▸ TASK PROMPT: Using the data below, return word for word every line from the one holding "this 1334×1333 image." down to the one holding "Some of the words". Leave pictures out.

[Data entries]
= = = =

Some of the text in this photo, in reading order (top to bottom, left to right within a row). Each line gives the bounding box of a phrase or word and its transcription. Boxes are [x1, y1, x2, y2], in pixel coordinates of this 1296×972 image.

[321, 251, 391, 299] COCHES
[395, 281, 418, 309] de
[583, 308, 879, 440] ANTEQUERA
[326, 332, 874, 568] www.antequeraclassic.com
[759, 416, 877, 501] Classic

= = = =

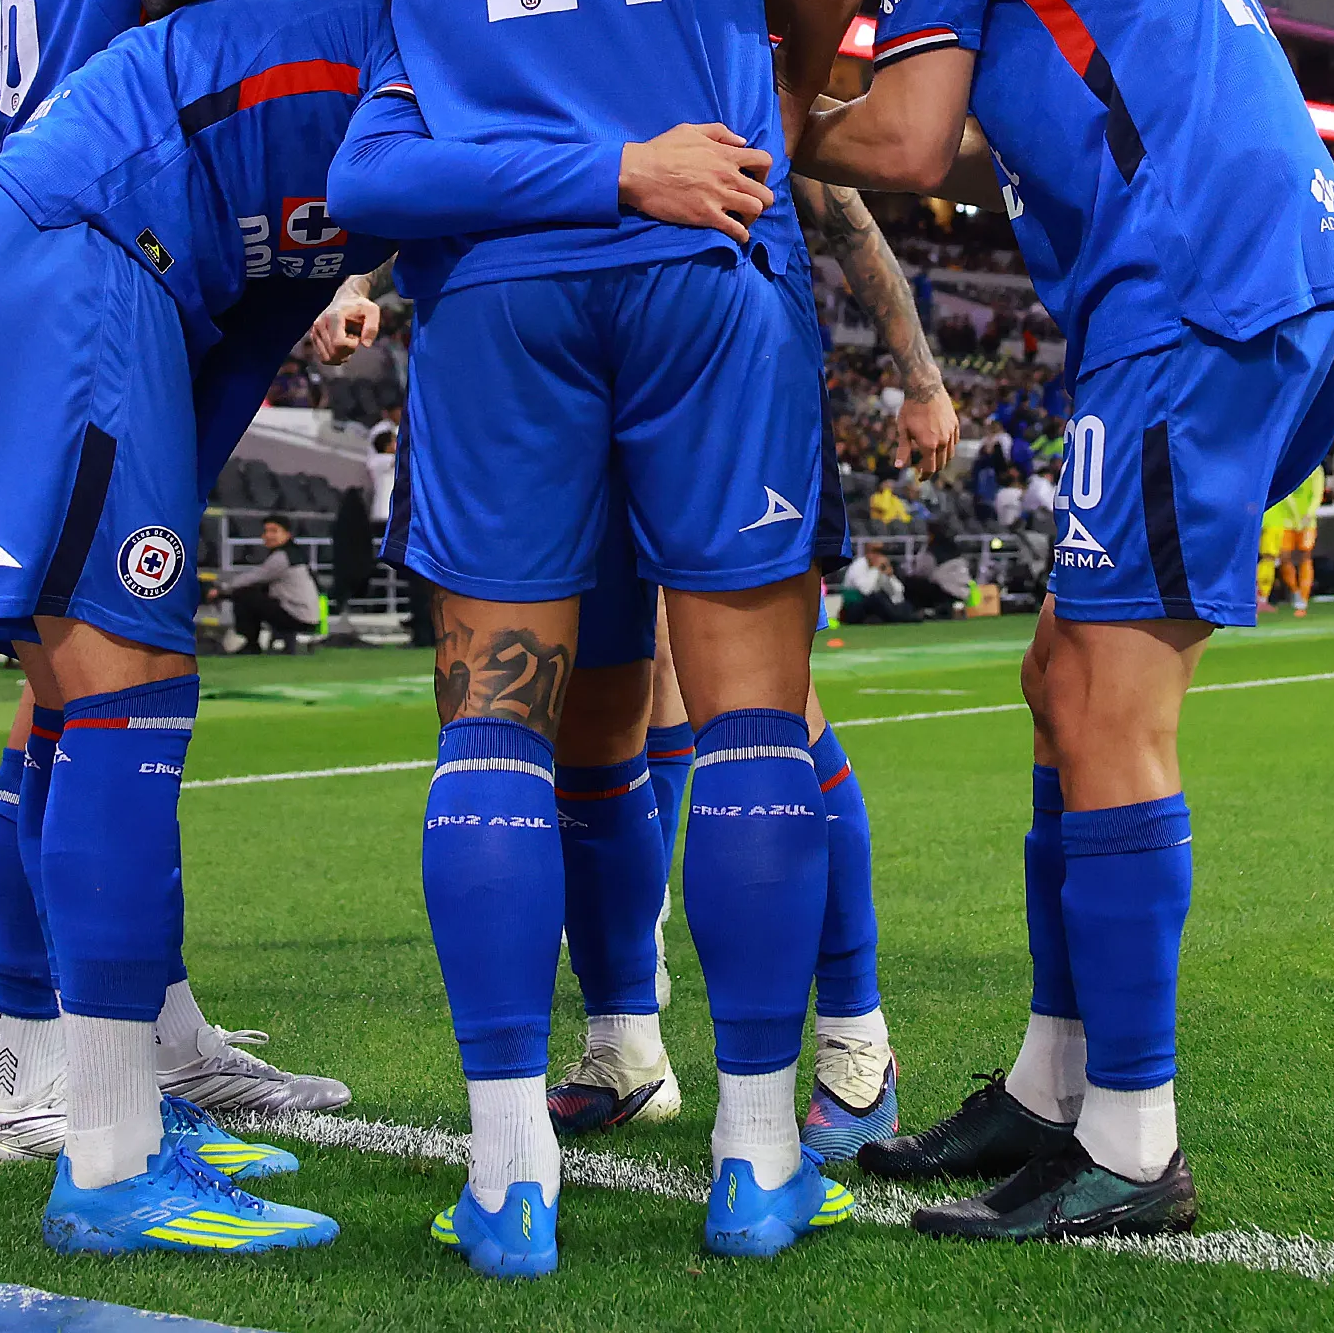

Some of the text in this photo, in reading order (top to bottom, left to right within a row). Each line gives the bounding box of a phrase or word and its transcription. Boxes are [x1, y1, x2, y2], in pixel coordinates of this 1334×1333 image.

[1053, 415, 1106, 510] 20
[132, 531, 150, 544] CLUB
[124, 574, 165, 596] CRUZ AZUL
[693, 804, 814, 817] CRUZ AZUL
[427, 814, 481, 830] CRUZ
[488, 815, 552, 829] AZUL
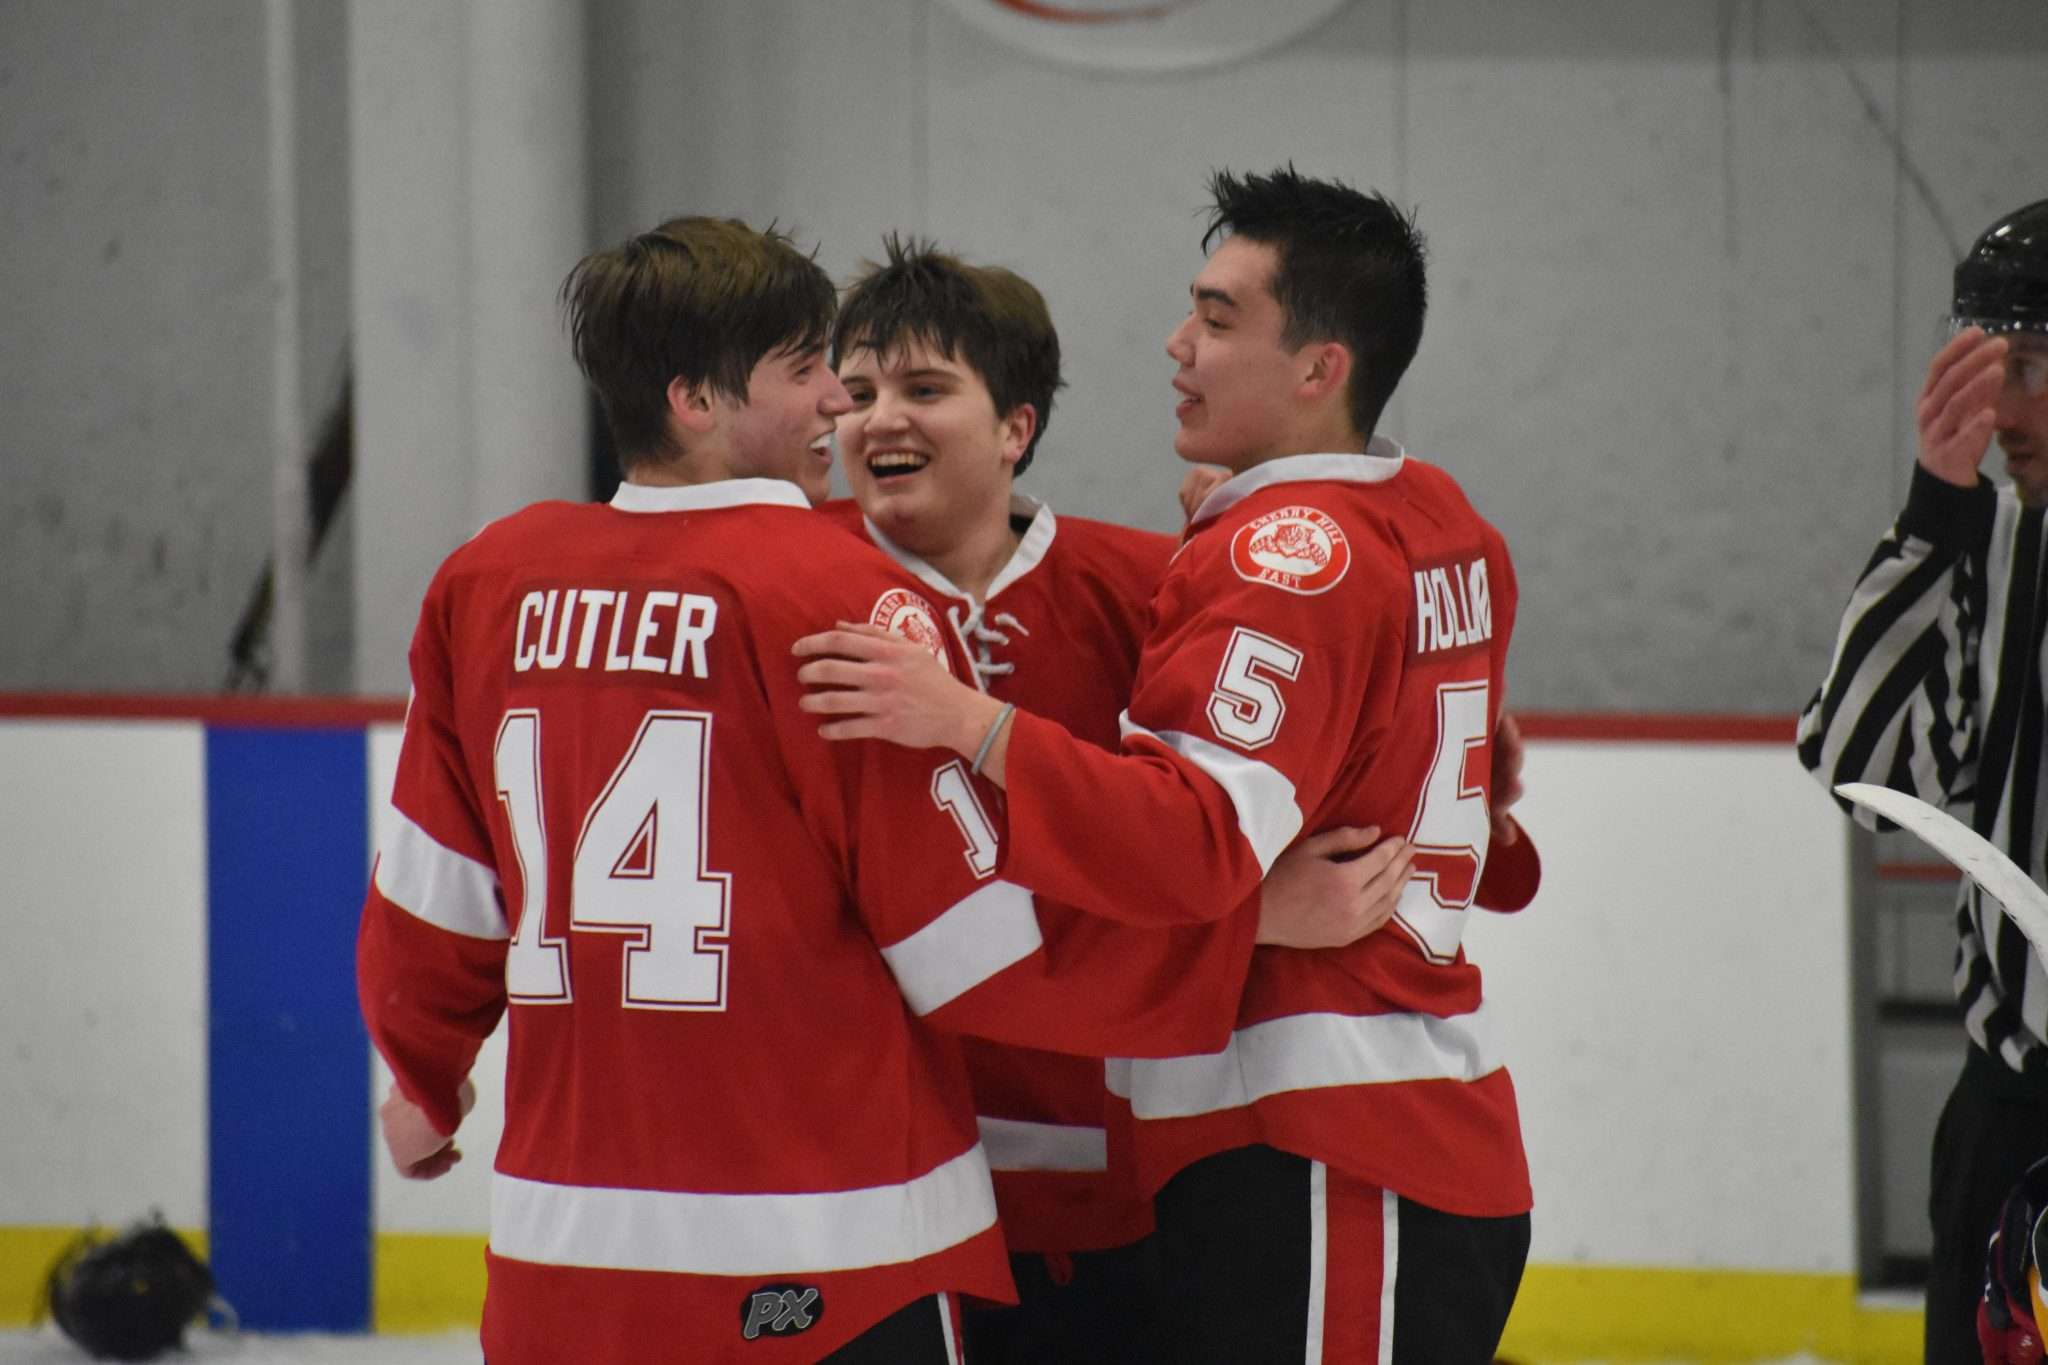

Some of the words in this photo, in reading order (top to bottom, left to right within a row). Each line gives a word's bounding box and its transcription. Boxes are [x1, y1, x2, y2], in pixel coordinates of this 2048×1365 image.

= = = =

▸ ANSWER BOX:
Some of the text in this photo, in reading order (top to bottom, left to right within a row). Each line gives the bounding box of a phrase or word and its transcription. Boxes are [x1, y1, x2, y2], in pixel coordinates of this 1334×1333 image.

[1053, 415, 1106, 510] 20
[132, 531, 150, 544] CLUB
[124, 574, 165, 596] CRUZ AZUL
[693, 804, 814, 817] CRUZ AZUL
[427, 814, 481, 830] CRUZ
[488, 815, 552, 829] AZUL

Some of the words in this photo, in reading order (top to bottom, left to right within a row). Each line gives a word's bounding box and its transcription. Boxes are [x1, y1, x2, y2], in pixel coordinates of this 2048×1365 image.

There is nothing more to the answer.